Updated September 3, 2019 . AmFam Team
Along with understanding how different types of coverage give your home the protection it needs, it’s important to understand how a homeowners insurance deductible is part of your policy. This way you can better financially prepare for the unexpected.
A homeowners insurance deductible is the amount of money you’ll pay out of pocket before your insurance company will pay on the claim. You’ll choose your deductible amount when building your policy, but you will only pay a deductible if you file a claim.
We’ve highlighted some key details about home insurance deductibles, so if the time ever comes to a file a claim, you know what to expect.
Home insurance policies come with a standard deductible and a wind/hail deductible. In certain locations, homeowners may be required to carry a minimum deductible amount for wind and hail damage. The minimum wind/hail deductible, if required, will depend on the location and value of the customer’s home.
We’ll use Missouri as an example. The minimum wind/hail deductible required is the greater of 1% of the home’s value or $2,500:
There are a number of types of homeowners insurance deductibles, but the two most common are:
A flat deductible is a fixed dollar amount that you’ll pay out of pocket for a covered loss. Technically, your insurance company subtracts the deductible from the amount claimed and that’s the portion of the claim you’ll pay.
For example, if your deductible is $1,000 and you file a claim because a hail storm damages your siding and it’s determined the cost to fix the damage is $9,000, your insurance company will pay out $8,000 for the claim and you’ll cover the remaining $1,000.
You can choose to have a percentage deductible, which means your deductible would be a percentage of the total coverage amount on your policy. For example, if your home is insured for $300,000 and your deductible is 2 percent, you’d pay $6,000 of the claim ($300,000 multiplied by 2 percent).
Consider this, if you have a lower deductible, you’ll pay less out of pocket in the event you file a claim. But you’re guaranteed to pay more in premiums over a longer period of time.
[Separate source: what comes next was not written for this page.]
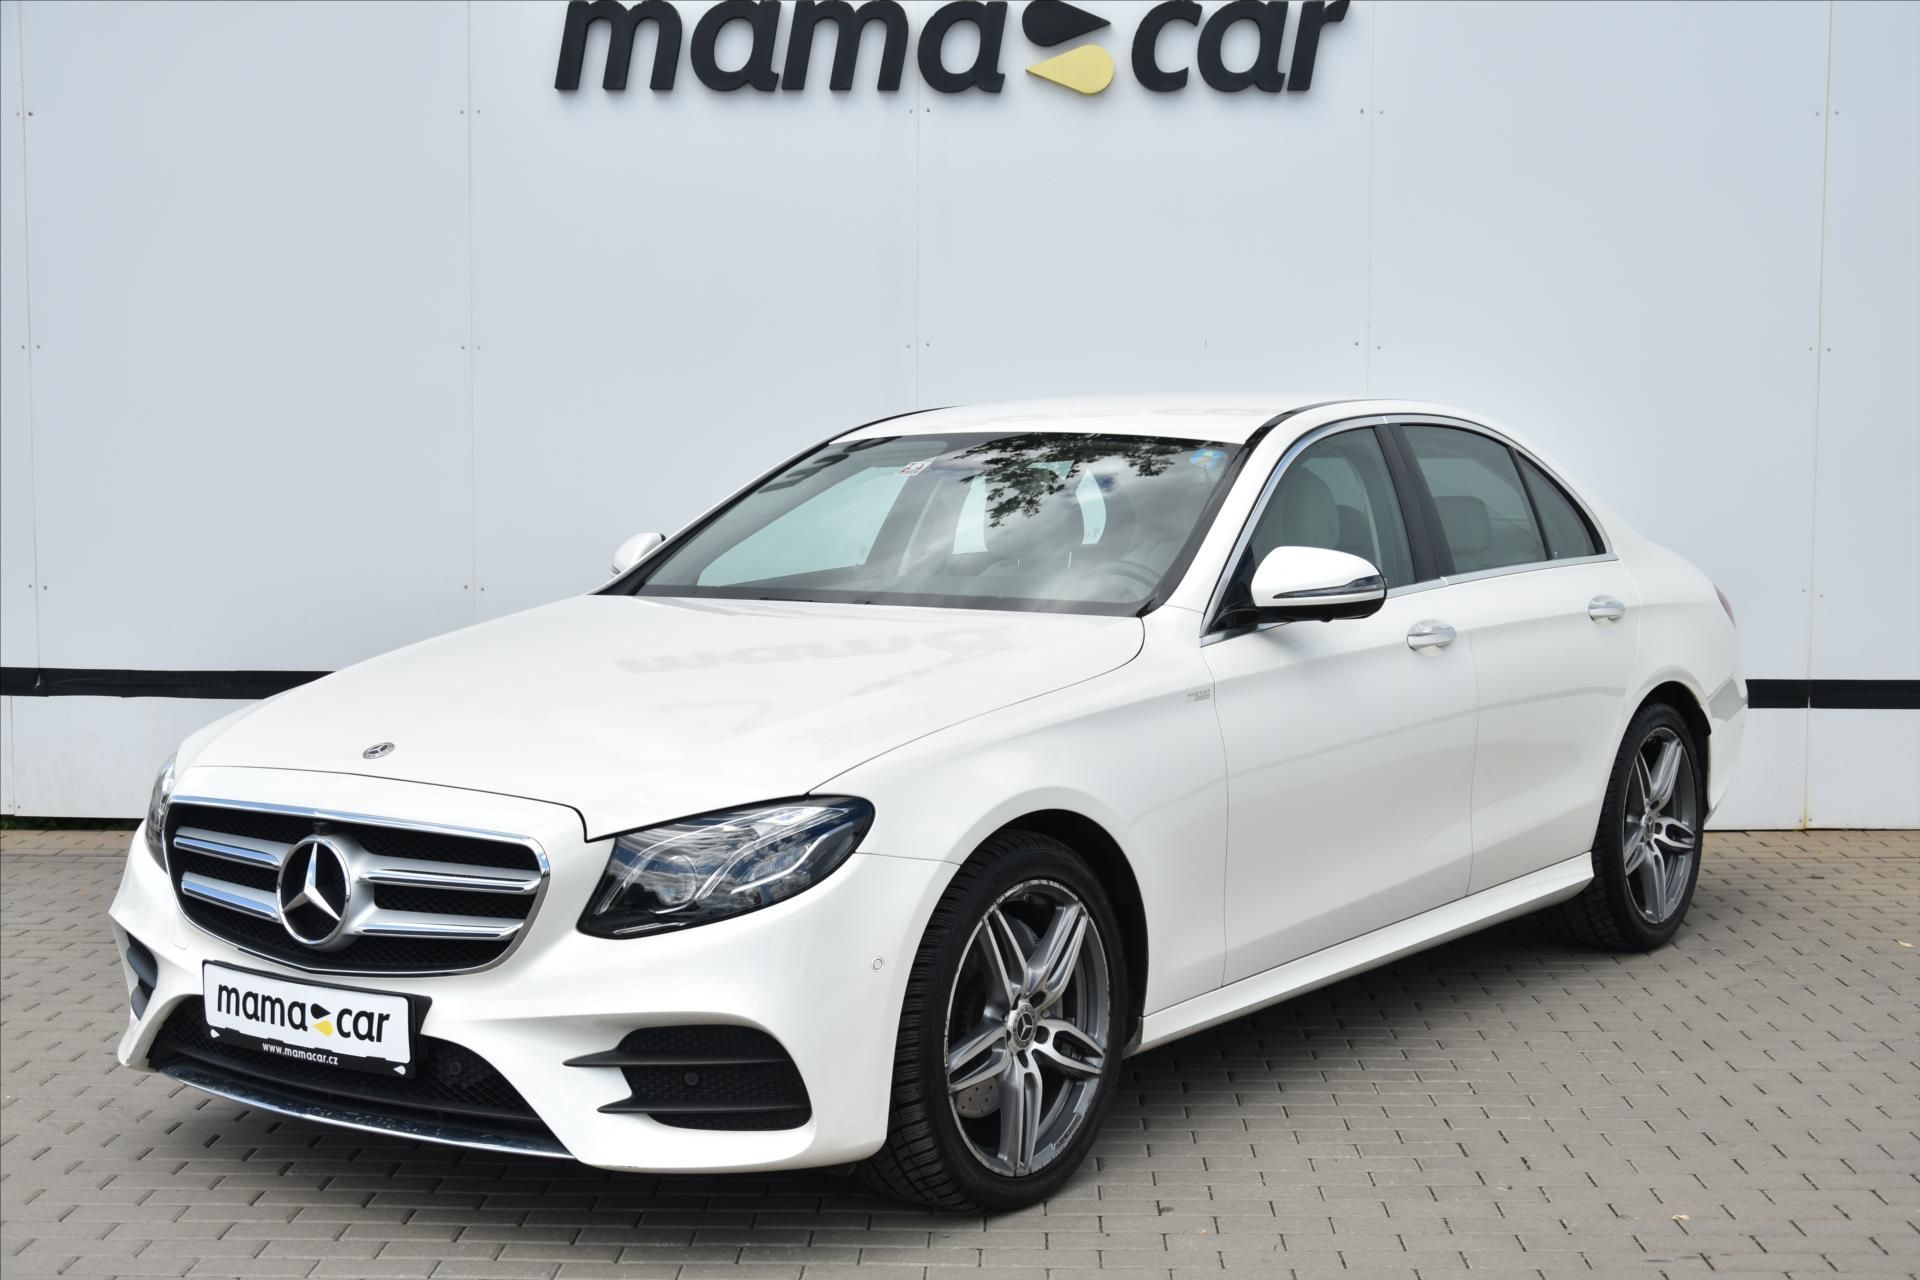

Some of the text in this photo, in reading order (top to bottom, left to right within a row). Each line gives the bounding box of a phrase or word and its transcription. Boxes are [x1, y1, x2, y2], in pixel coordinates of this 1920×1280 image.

[555, 0, 1350, 94] mama car
[217, 984, 391, 1043] mama car
[262, 1042, 339, 1065] www.mamacar.cz
If you have a higher deductible, you’ll pay more if you have a covered claim, but your premiums will be lower each month.
When choosing your deductible amount, compare what you can reasonably afford in the short term versus the long term. And consider what your annual household income is as well as other out-of-pocket expenses you’ll be expecting during the year. Choosing your deductible comes down to what you personally can afford in the short term or long term.
Many people opt for a higher deductible since this lowers the guaranteed amount they pay for their premium, whereas the deductible would only be paid if they file a claim. If you do choose a higher deductible, consider setting aside money specifically to cover your deductible in the event you have to file a claim. This way you’re financially prepared and not emptying your savings account that you planned on using for other emergencies.
Typically, homeowners choose a $1,000 deductible (for flat deductibles), with $500 and $2,000 also being common amounts. Though those are the most standard deductible amounts selected, you can opt for even higher deductibles to save more on your premium. Again, it’s what you can reasonably afford to pay given you file a claim and have to pay out of pocket.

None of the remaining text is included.